Friday, April 18, 2014

Orphan Black Is Must See Canadian TV






So there I was at a high end dinner party and I was doing what every TV critic does in such august company.
I asked every guest in turn for his or her list of "must see " TV shows.
I'm always doing this and I got the usual list of suspects in return: Game Of Thrones, Mad Men, Downton Abbey, Sherlock Holmes.
Then one guest ventured "Orphan Black" and I froze.
This was the first Canadian made series I'd heard mentioned in many years. Not since The X Files (made in Vancouver) had a Canadian show made it into the list of lists.
Look, there are some very well made Canadian dramas out there: Murdoch Mysteries, Heartland, Saving Hope, Rookie Blue.
But none are aywhere near the "must see" category.
Orphan Black is and it sort of crept up on us.
First there was the annual TV Critics Awards where its Canadian star Tatiana Maslany snatched the Best Acress in a Series award away from far more familiar faces.
Then Tatiana made the cover of Entertainment Weekly --when did a Canadian show accomplish such a feat?
In fact just last night I caught Maslany in an old rerun of CBC-TV's Heartland --five years back she was just another struggling young actress with buckets of potential.
Now she's dazzling because she plays a whole host of strangers who look like each other.
And she's certainly convincing in each portrayal catching the right accents and being just enough different to be more than a little spooky.
When I chatted her up last year the series had yet to debut and she was still unknown.
She was preparing to depart that afternoon to New York city for her first round of interviews and didn't quite know what to expect.

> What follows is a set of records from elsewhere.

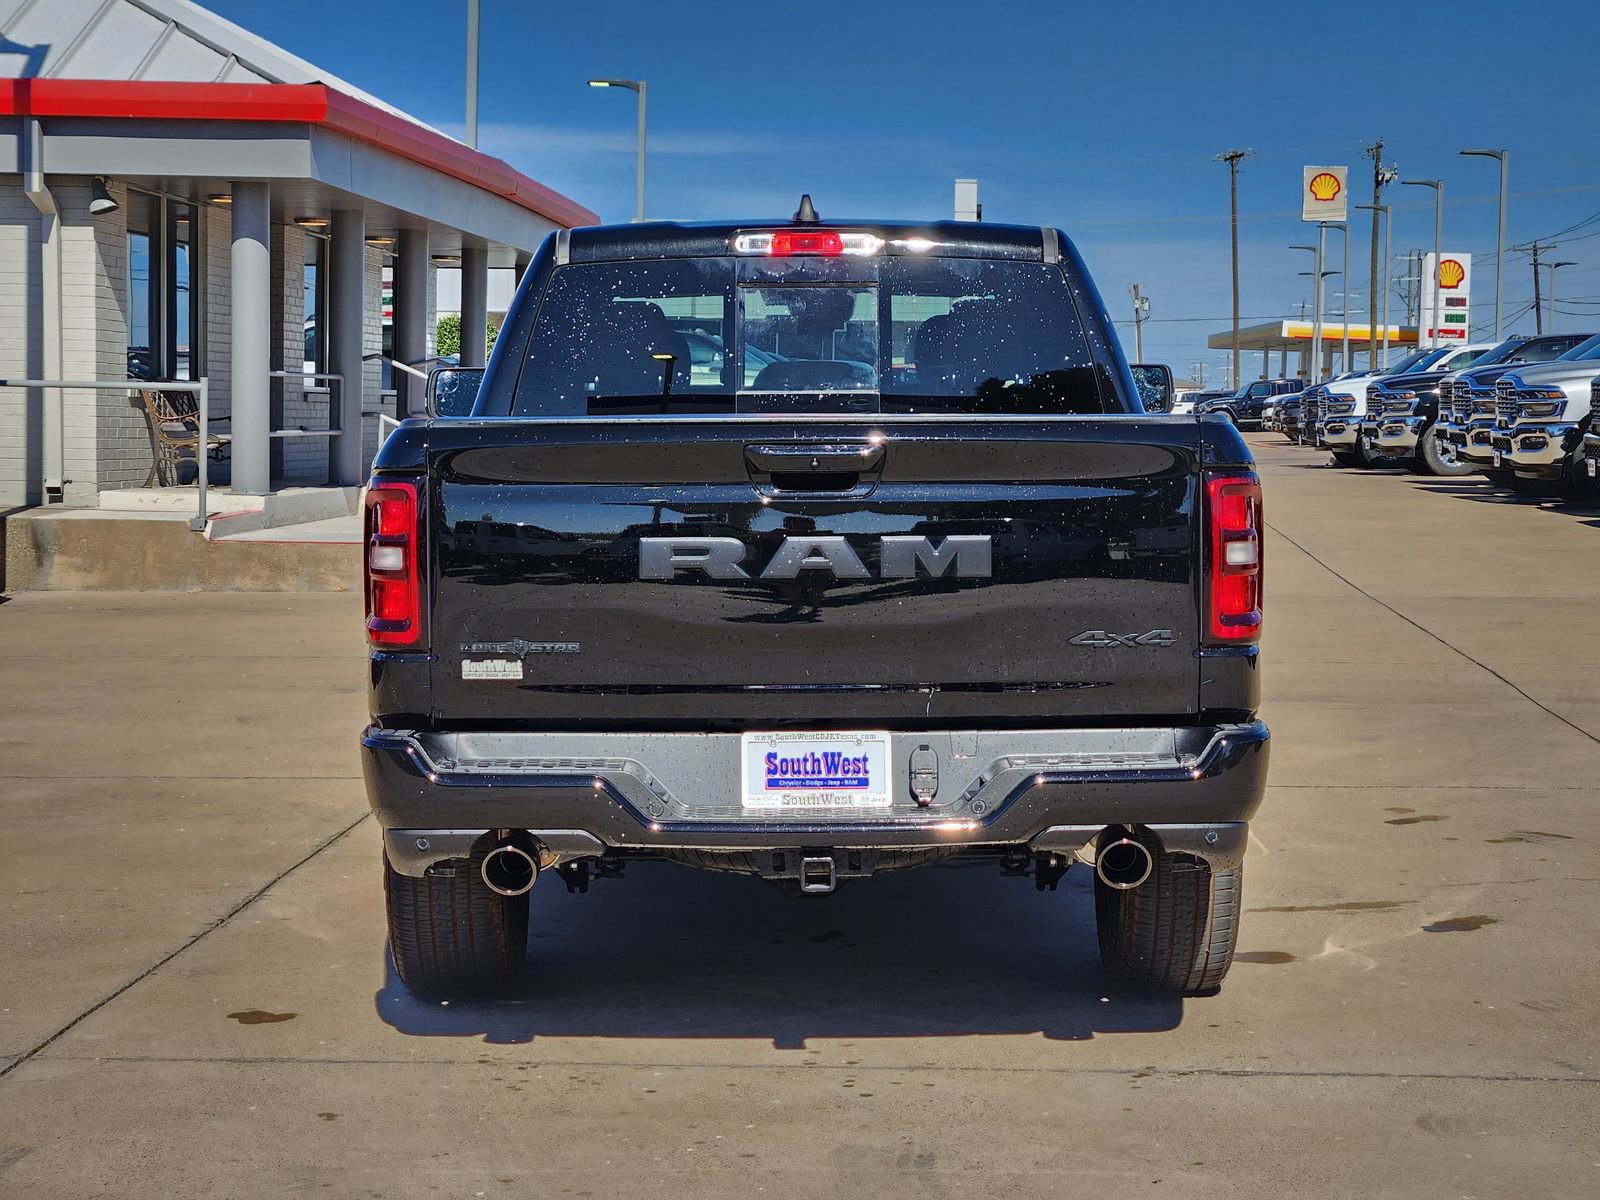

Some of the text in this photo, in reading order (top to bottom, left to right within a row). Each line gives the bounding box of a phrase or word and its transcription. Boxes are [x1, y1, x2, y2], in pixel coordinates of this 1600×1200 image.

[639, 535, 993, 579] RAM
[1066, 629, 1178, 647] 4x4
[460, 641, 581, 653] LONE STAR
[462, 659, 523, 672] SouthWest
[765, 752, 870, 777] SouthWest
[782, 793, 854, 805] SouthWest

One thing is certain --she'll never be unknown again.
I told her an anecdote about interviewing the great Bette Davis who played twins on two occasions and said the experience was unnerving and Tatiana laughed nervously.
I'm sure playing twins would be considered relatively easy after what she's been through.
After all she is first glimpsed as con artist Sarah who soon discovers she has a twin in cop Beth.  And then there's assassin Allison and scientist Cosima and....and....
I still relate best to clone number one Sarah although I also like clone number two Beth.
Maslany gave me a detailed description of the trick photography that makes it possible to have the two of her not only chat each other up but touch each other.
But the point is expert makeup and hairstyles are not enough. At the end of the day it all evolves around Tatiana's mesmerizing power to become other identical looking people and be convincing about it.
A lot of the success goes to creators Graeme Manson (Cube)  and John Fawcett  (Ginger Snaps) who have insisted on a look that is very expensive indeed.
The show, of course, does have a problem as it begins Season Two: the element of surprise is gone. And I'm thinking too many clones could simply result in mass confusion.
Let us all remember more new series fail in their second season than in their first.
In a way it all devolves on Maslany --can she keep us guessing?
One thing about Orphan Black: it shows a series can be Canadian and still be creative and audacious  and that's a major step forward.
ORPHAN BLACK SEASON 2 PREMIERES ON SPACE SATURDAY APRIL 19 at 9 P.M.